General rule: If you expect text, verify that you got text. You can always
have file corruption, users renaming their GINAWI~1.MPG to THESIS.TXT etc.
> Unfortunately, std::vector does not seem to have a replace function,
> otherwise I would construct an object of that type from the char buffer.
> So would it be alright to use a std::string in this case?
Let me first explain what I meant with slowness above, then get to
the "right" container...
If you have the string "abc" and replace "b" with "xx", you leave the "a"

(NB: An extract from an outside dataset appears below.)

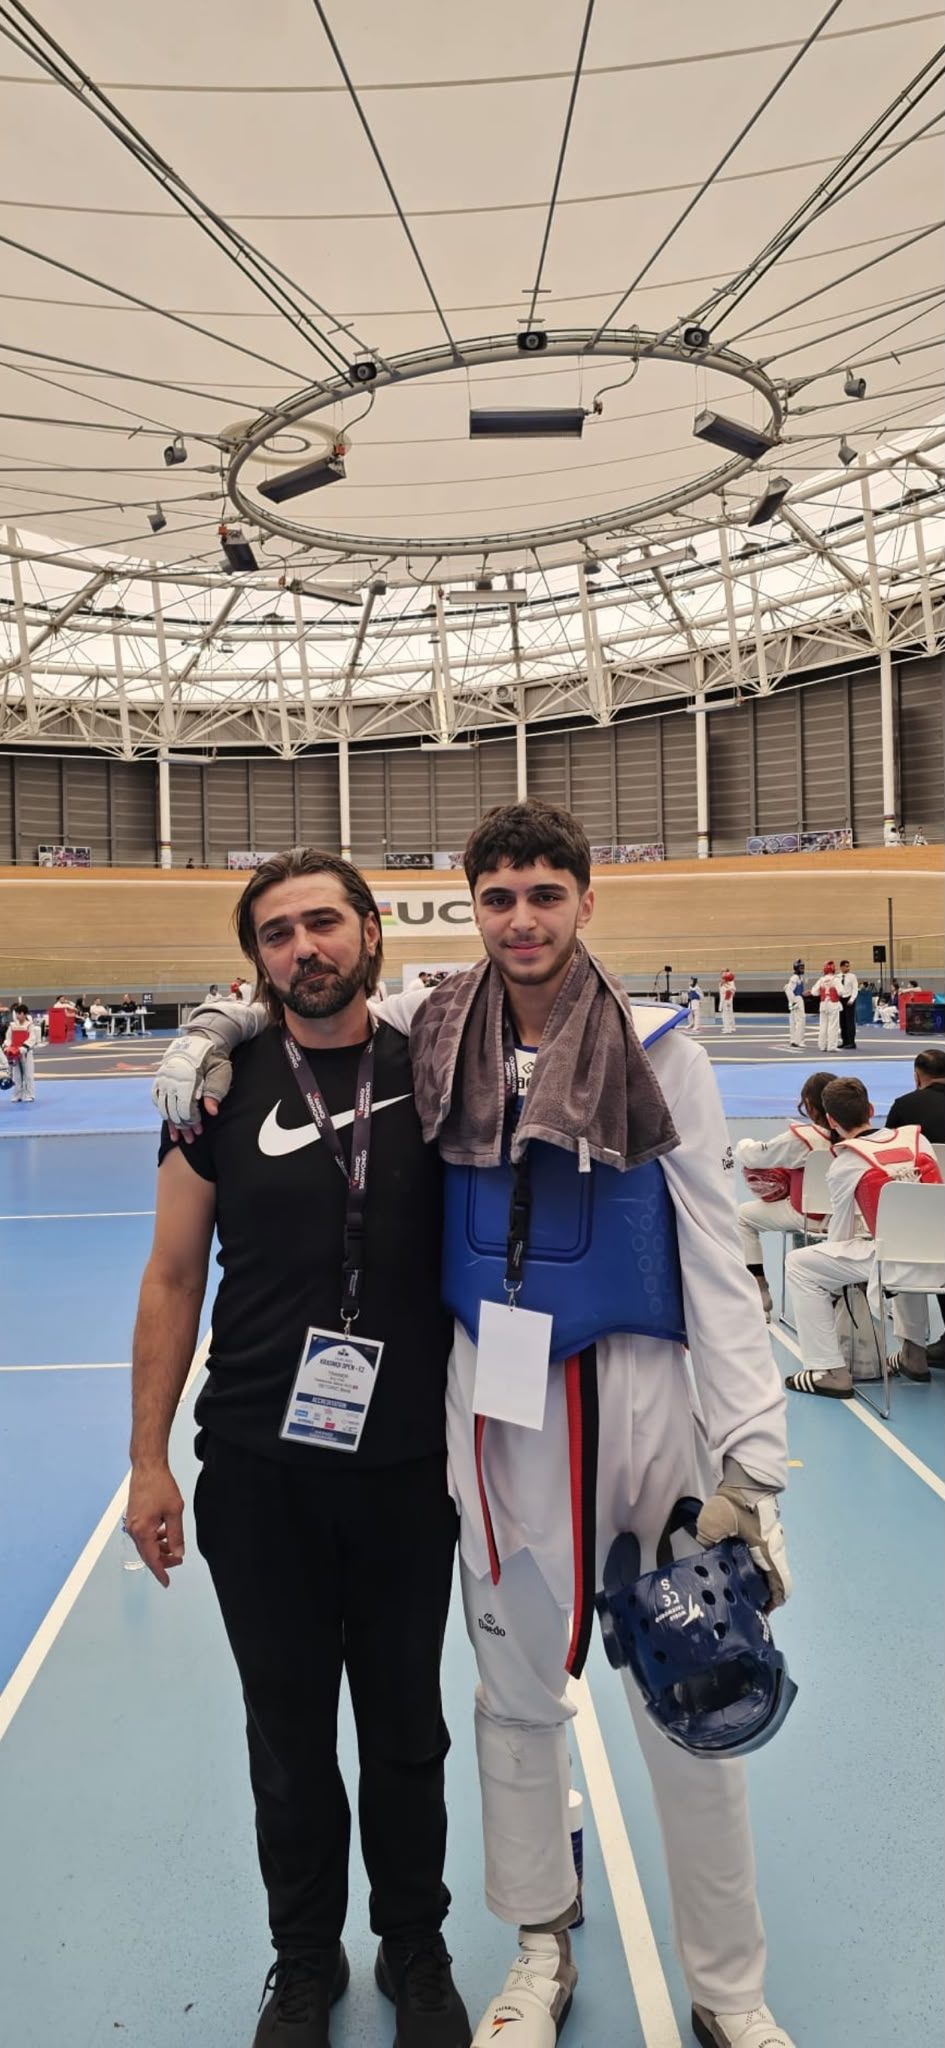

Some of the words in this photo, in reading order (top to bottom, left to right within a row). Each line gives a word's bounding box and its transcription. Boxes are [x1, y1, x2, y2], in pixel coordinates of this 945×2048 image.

[397, 901, 473, 925] UC
[722, 1158, 734, 1170] Dae
[661, 1578, 671, 1591] S

alone, then move the "c" one position back and then copy the "xx" into the
space in between. If you have "axxc" and replace the "xx" with a "b", you
move the "c" one position up front and then copy the "b" in the space in
between. In both cases, and that's what makes it slow, you have to touch
all the characters after the replacement position.
This means that the implementation is an O(m*n) algorithm, with n being the
number of characters in the string and m being the number of times the
substring is found. I had this very algorithm (just written differently)
and I was using it for a long time without problems on files that are
typically not larger that 10k. Then, some day someone came up with a file
that had 200k. The execution time with 10k was not noticeable (let's say it
was 500ms). With 200k and an O(n*n) algorithm (m was a fraction of n in my
data), it turned out to be 400 times as much, 20s, which is a lot of time
to wait for a program's response.
Anyhow, a better approach is this:
1. Allocate a second buffer of sufficient[1] length.
2. Search for the sequence to replace.
3. Append anything before that to the buffer.
4. Append the replacement to the buffer.
5. Continue with 2.
For the buffer, you could use a vector<char> and preallocate using
reserve().
Note: Copying from one buffer to the other isn't that time-consuming, unless
you do it often. So just moving the data from a char* to a vector or string
shouldn't keep you. For convenience, if you do the replacement, it would be
better to convert to the desired container type at the same time. Of
course, it would be best to avoid any conversions, but that is more of a
general approach.
Good luck!
Uli
[1] If you have any data about the file's content, here's where you can use
it to avoid reallocations and copying. Otherwise, just assume the same
length as the input. Or, you could ignore this optimization and use e.g.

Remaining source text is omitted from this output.